Возможности, которые открывала относительная автономия культурно–религиозной сферы, не сводились к накоплению элементов гетеродоксии и возникновению оппозиционных течений. Она давала определенный простор творческому духу в рамках самих религиозных институтов. Этот дух проявлялся, несмотря на свойственное руководству этих институтов стремление замкнуть религиозную жизнь в жесткие рамки ортодоксии. Пожалуй, самым ярким примером подобного творческого горения может служить Хуана Инес де ла Крус, которую О. Пас с полным на то основанием рассматривает как своего рода символ всего того живого, что имелось в католическом мире Испанской Америки и что служило главным историческим оправданием его существования.

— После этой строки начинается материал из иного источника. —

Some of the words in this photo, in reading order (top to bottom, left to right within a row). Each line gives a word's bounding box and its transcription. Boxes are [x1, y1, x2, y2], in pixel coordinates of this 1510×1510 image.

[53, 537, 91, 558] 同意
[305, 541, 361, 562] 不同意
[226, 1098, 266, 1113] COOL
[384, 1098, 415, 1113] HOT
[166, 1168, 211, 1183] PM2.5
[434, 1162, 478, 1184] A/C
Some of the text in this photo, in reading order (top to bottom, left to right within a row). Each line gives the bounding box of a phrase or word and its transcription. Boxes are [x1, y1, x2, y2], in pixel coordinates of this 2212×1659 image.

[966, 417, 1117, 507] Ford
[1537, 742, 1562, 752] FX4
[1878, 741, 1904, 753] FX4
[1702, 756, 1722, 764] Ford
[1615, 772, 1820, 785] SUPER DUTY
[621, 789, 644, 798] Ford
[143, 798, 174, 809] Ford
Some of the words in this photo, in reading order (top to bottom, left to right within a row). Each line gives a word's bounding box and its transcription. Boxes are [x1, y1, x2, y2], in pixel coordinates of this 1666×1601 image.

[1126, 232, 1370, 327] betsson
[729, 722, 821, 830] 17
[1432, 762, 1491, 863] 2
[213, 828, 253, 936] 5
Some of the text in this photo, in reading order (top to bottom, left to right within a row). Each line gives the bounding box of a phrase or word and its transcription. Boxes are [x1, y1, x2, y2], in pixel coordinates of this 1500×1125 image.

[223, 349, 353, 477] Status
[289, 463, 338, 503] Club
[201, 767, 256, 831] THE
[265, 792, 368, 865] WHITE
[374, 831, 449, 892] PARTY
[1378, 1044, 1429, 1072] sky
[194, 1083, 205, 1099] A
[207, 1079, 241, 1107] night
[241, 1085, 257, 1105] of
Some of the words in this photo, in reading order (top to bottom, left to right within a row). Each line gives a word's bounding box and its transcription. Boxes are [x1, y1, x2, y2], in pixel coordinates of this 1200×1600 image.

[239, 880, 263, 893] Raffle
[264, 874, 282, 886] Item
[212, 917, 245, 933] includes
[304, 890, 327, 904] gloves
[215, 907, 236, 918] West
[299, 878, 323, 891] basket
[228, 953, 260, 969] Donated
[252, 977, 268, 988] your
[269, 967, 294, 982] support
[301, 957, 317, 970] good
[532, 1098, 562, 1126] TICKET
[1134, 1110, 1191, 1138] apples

Определенная автономия «сферы духа» по отношению к «сфере власти» — это было нечто совершенно новое для доколумбовой Америки и глубоко чуждое глубинным основаниям ее цивилизационного строя. Следует признать, что именно представители Иберийской Европы принесли в Новый свет представления об ответственности правителей и необходимости легитимации власти. Укоренение этих представлений в социокультурном коде испанской и португальской исторических общностей явилось наиболее глубокой основой развития весьма специфической по формам своего проявления демократической традиции в христианских государствах Пиренейского полуострова. Главными ее составляющими стали: городские и общинные вольности, муниципальное самоуправление, сохранение в течение длительного периода реконкисты личной свободы крестьянства. Символом свободолюбия испанского духа могут служить: та присяга в верности древним законам, которую испанский король должен был давать кортесам (до 1521 г.), а также то заявление, которое сделали депутаты этого органа Карлу I (будущему императору Карлу V): «Государь, вы должны знать, что король является только платным слугой нации».
Хотя после поражения восстания «комунерос» в 1521 г. основная часть средневековых вольностей была ликвидирована, такой элемент их наследия, как кабильдо (аюнтамьенто), т. е. орган городского самоуправления, сохранился и был впоследствии перенесен на почву Нового света. Кабильдо в колониях были очень быстро поставлены под контроль королевской администрации, но они, тем не менее, сыграли роль формы существования демократической испанской традиции, так сказать, в свернутом виде. Традиция муниципального самоуправления оказалась необычайно живучей, и вирус мятежного испанского духа немедленно пробудился к новой жизни, как только возникли первые симптомы кризиса колониального строя. Отнюдь не случайно, что именно кабильдо стали первой институциональной основой движения за независимость в Испанской Америке.